McGurl delves into the ‘why’ of the “strangely appealing” zombie phenomenon in books not only concerning the Austen mash-up but also Max Brooks’ The Zombie Survival Guide and World War Z. He explores the philosophical zombie and the plodding zombie, and I like his thoughts about allegory. I also like his reference of the mash-up as “a sort of Trojan horse” gaining entry to great literature. I’ve thought of it in less esoteric terms, as the booze that makes a cumbersome party fun.
I watched a YouTube video of John Matteson, Louisa May Alcott’s Pulitzer Prize winning biographer, moderating a discussion about Little Women mash-ups in “Monster Throwdown: Vampires, Werewolves and Louisa May Alcott.” Here I learned Alcott wasn’t averse to ghoulishness, having written “blood and thunder tales” under a pseudonym.
Matteson plays a game with the audience called Alcott or Faux-cott in which he reads selections from Alcott’s scary tales interspersed with selections from mash-ups, including Porter Grand’s Little Women and Werewolves also published this month, to find out if the audience can distinguish between the two. (See for yourself.
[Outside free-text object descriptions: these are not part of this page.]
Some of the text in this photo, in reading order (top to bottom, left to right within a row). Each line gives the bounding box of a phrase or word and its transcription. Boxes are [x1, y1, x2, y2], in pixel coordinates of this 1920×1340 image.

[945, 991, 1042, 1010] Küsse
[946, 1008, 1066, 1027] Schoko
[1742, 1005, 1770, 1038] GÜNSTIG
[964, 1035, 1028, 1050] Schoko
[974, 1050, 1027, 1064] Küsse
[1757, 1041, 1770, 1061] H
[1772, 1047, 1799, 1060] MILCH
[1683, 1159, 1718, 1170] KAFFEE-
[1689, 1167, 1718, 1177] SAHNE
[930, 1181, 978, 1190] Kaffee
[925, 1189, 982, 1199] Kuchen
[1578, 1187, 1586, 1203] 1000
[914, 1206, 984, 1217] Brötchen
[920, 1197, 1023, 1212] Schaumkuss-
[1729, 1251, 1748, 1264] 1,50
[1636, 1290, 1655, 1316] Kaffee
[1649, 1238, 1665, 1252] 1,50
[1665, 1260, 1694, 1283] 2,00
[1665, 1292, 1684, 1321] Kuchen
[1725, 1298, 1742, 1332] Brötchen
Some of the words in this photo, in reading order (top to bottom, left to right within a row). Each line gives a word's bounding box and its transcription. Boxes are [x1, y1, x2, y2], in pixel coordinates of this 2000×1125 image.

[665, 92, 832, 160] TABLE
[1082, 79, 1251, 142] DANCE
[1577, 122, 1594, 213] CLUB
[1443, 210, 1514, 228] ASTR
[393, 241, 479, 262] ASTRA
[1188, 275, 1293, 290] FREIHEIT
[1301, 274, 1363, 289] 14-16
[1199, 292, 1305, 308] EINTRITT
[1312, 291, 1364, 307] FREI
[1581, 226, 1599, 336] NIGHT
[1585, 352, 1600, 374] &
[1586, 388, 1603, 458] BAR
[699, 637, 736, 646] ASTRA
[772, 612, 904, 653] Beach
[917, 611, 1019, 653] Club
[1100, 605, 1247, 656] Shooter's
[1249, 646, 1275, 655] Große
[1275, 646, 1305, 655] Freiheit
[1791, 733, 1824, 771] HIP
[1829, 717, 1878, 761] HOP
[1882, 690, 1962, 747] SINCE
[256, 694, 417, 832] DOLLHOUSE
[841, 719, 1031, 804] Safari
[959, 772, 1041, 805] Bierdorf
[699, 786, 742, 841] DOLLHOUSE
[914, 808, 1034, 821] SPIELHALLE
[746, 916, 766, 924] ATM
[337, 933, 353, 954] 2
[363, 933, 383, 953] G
The style nuances and some of the words give it away.)
So here I am rambling about essays and videos about zombies and vampires that help define this popular literary trend. Meanwhile my bookmark is stuck at page 145 (out of 336 pages) in Abraham Lincoln: Vampire Hunter. I nag myself to finish the darn thing, but I just can’t bring myself to do it. I keep picking up another book. I guess the “and vampires” booze doesn’t give me a buzz, even though everyone else at this Lincoln party is having a blast.